• [Work order]: Would you write out all of the entries below, exactly as they stand?

[Extracted records]

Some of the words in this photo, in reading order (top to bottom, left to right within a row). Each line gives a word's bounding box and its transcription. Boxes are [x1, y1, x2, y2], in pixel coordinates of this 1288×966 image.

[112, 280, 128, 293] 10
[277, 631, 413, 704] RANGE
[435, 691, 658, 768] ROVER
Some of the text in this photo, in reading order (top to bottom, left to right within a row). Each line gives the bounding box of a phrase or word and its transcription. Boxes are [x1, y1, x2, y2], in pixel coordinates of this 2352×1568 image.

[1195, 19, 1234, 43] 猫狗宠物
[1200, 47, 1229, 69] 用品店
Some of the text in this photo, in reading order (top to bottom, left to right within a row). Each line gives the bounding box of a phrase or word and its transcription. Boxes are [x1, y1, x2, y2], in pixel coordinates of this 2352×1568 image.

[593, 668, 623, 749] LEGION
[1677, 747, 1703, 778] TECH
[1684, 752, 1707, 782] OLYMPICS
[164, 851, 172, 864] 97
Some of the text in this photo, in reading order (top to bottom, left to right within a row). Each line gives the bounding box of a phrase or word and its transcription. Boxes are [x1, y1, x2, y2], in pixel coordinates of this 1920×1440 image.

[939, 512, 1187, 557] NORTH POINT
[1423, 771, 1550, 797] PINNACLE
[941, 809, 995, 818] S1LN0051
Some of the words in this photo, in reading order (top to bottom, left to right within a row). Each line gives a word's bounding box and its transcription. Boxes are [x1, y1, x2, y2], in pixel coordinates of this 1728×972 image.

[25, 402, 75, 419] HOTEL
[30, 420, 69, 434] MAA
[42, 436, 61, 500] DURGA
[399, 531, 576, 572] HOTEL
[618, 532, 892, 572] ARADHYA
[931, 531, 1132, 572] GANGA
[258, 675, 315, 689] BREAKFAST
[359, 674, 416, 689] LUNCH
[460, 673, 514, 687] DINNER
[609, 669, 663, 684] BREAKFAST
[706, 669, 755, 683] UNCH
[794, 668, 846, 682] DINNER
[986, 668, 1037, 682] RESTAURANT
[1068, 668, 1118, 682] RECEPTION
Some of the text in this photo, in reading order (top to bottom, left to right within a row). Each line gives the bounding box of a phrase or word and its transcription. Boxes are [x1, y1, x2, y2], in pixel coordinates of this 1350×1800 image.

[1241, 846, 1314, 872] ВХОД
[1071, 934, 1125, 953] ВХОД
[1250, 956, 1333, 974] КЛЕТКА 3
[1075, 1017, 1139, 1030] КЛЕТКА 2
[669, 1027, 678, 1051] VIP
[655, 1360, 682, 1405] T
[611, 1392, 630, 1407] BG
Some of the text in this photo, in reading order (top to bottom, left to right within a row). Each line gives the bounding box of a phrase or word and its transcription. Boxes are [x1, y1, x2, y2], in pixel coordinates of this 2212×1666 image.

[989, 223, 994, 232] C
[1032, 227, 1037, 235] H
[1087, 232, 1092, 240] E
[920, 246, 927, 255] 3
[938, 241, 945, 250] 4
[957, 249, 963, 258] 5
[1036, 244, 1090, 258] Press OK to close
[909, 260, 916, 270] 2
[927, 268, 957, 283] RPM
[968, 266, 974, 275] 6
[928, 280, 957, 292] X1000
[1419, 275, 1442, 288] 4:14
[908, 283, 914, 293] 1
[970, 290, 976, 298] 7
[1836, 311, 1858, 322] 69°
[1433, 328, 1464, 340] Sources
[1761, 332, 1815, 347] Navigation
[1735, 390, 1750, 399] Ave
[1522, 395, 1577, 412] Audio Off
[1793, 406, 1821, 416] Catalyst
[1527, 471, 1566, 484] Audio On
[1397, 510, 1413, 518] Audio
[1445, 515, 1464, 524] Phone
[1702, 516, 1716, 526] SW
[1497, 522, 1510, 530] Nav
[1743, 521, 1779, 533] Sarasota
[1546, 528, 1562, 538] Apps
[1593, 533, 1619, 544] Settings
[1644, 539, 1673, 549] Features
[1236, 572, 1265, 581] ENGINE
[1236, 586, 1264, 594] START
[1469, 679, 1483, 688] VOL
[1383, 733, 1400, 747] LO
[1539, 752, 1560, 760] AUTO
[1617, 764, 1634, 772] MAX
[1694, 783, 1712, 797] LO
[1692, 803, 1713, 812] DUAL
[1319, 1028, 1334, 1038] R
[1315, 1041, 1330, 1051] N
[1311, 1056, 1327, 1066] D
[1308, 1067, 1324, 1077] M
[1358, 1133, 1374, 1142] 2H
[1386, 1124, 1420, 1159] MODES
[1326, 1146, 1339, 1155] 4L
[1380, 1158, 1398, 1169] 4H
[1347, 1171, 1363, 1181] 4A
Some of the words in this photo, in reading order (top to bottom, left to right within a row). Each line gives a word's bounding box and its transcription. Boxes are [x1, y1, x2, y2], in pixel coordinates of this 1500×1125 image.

• [Finished task]:
Some of the words in this photo, in reading order (top to bottom, left to right within a row). Each line gives a word's bounding box and its transcription. Boxes are [x1, y1, x2, y2], in pixel coordinates of this 1288×966 image.

[112, 280, 128, 293] 10
[277, 631, 413, 704] RANGE
[435, 691, 658, 768] ROVER
Some of the text in this photo, in reading order (top to bottom, left to right within a row). Each line gives the bounding box of a phrase or word and its transcription. Boxes are [x1, y1, x2, y2], in pixel coordinates of this 2352×1568 image.

[1195, 19, 1234, 43] 猫狗宠物
[1200, 47, 1229, 69] 用品店
Some of the text in this photo, in reading order (top to bottom, left to right within a row). Each line gives the bounding box of a phrase or word and its transcription. Boxes are [x1, y1, x2, y2], in pixel coordinates of this 2352×1568 image.

[593, 668, 623, 749] LEGION
[1677, 747, 1703, 778] TECH
[1684, 752, 1707, 782] OLYMPICS
[164, 851, 172, 864] 97
Some of the text in this photo, in reading order (top to bottom, left to right within a row). Each line gives the bounding box of a phrase or word and its transcription. Boxes are [x1, y1, x2, y2], in pixel coordinates of this 1920×1440 image.

[939, 512, 1187, 557] NORTH POINT
[1423, 771, 1550, 797] PINNACLE
[941, 809, 995, 818] S1LN0051
Some of the words in this photo, in reading order (top to bottom, left to right within a row). Each line gives a word's bounding box and its transcription. Boxes are [x1, y1, x2, y2], in pixel coordinates of this 1728×972 image.

[25, 402, 75, 419] HOTEL
[30, 420, 69, 434] MAA
[42, 436, 61, 500] DURGA
[399, 531, 576, 572] HOTEL
[618, 532, 892, 572] ARADHYA
[931, 531, 1132, 572] GANGA
[258, 675, 315, 689] BREAKFAST
[359, 674, 416, 689] LUNCH
[460, 673, 514, 687] DINNER
[609, 669, 663, 684] BREAKFAST
[706, 669, 755, 683] UNCH
[794, 668, 846, 682] DINNER
[986, 668, 1037, 682] RESTAURANT
[1068, 668, 1118, 682] RECEPTION
Some of the text in this photo, in reading order (top to bottom, left to right within a row). Each line gives the bounding box of a phrase or word and its transcription. Boxes are [x1, y1, x2, y2], in pixel coordinates of this 1350×1800 image.

[1241, 846, 1314, 872] ВХОД
[1071, 934, 1125, 953] ВХОД
[1250, 956, 1333, 974] КЛЕТКА 3
[1075, 1017, 1139, 1030] КЛЕТКА 2
[669, 1027, 678, 1051] VIP
[655, 1360, 682, 1405] T
[611, 1392, 630, 1407] BG
Some of the text in this photo, in reading order (top to bottom, left to right within a row). Each line gives the bounding box of a phrase or word and its transcription. Boxes are [x1, y1, x2, y2], in pixel coordinates of this 2212×1666 image.

[989, 223, 994, 232] C
[1032, 227, 1037, 235] H
[1087, 232, 1092, 240] E
[920, 246, 927, 255] 3
[938, 241, 945, 250] 4
[957, 249, 963, 258] 5
[1036, 244, 1090, 258] Press OK to close
[909, 260, 916, 270] 2
[927, 268, 957, 283] RPM
[968, 266, 974, 275] 6
[928, 280, 957, 292] X1000
[1419, 275, 1442, 288] 4:14
[908, 283, 914, 293] 1
[970, 290, 976, 298] 7
[1836, 311, 1858, 322] 69°
[1433, 328, 1464, 340] Sources
[1761, 332, 1815, 347] Navigation
[1735, 390, 1750, 399] Ave
[1522, 395, 1577, 412] Audio Off
[1793, 406, 1821, 416] Catalyst
[1527, 471, 1566, 484] Audio On
[1397, 510, 1413, 518] Audio
[1445, 515, 1464, 524] Phone
[1702, 516, 1716, 526] SW
[1497, 522, 1510, 530] Nav
[1743, 521, 1779, 533] Sarasota
[1546, 528, 1562, 538] Apps
[1593, 533, 1619, 544] Settings
[1644, 539, 1673, 549] Features
[1236, 572, 1265, 581] ENGINE
[1236, 586, 1264, 594] START
[1469, 679, 1483, 688] VOL
[1383, 733, 1400, 747] LO
[1539, 752, 1560, 760] AUTO
[1617, 764, 1634, 772] MAX
[1694, 783, 1712, 797] LO
[1692, 803, 1713, 812] DUAL
[1319, 1028, 1334, 1038] R
[1315, 1041, 1330, 1051] N
[1311, 1056, 1327, 1066] D
[1308, 1067, 1324, 1077] M
[1358, 1133, 1374, 1142] 2H
[1386, 1124, 1420, 1159] MODES
[1326, 1146, 1339, 1155] 4L
[1380, 1158, 1398, 1169] 4H
[1347, 1171, 1363, 1181] 4A
Some of the words in this photo, in reading order (top to bottom, left to right within a row). Each line gives a word's bounding box and its transcription. Boxes are [x1, y1, x2, y2], in pixel coordinates of this 1500×1125 image.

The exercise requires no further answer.